Alan Dean, who is accused of the 1993 strangulation murder of 15-year-old Bothell girl Melissa Lee, appears in court during opening statements of his trial on Monday, March 18, 2024, at Snohomish County Superior Court in Everett, Washington. (Ryan Berry / The Herald)

31 years later, trial opens in Bothell teen’s brutal killing

In April 1993, Melissa Lee’s body was found below Edgewater Creek Bridge. It would take 27 years to arrest Alan Dean in her death.

EVERETT — Melissa Lee was home alone.

On the night of April 13, 1993, her younger sister, Kelli, was with family on Whidbey Island.

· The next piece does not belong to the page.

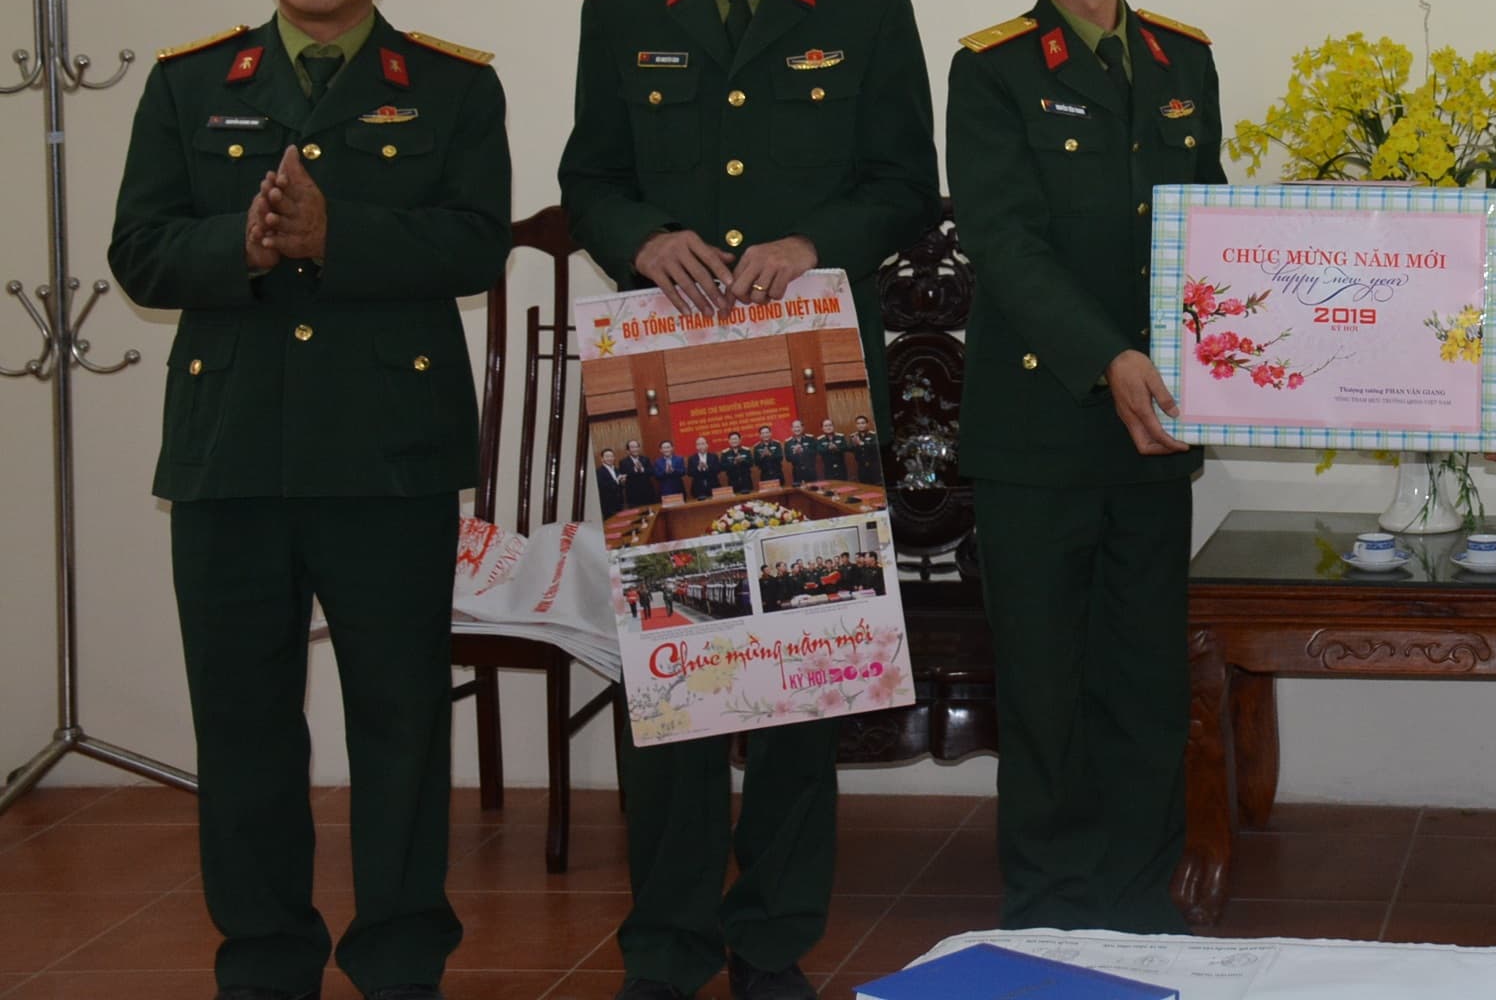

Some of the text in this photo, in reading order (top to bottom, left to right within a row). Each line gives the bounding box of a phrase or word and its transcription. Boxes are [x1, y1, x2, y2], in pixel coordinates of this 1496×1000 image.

Her mother, Sharon, and mother’s boyfriend, Gary McClellan, were out playing darts and singing karaoke.

Knowing she’d be alone, Lee, 15, had asked her friend to spend that Tuesday night at her home in the 19800 block of Filbert Road. But that friend, Krista Stromberg, was babysitting and the parents had asked her to stay a few hours later than expected.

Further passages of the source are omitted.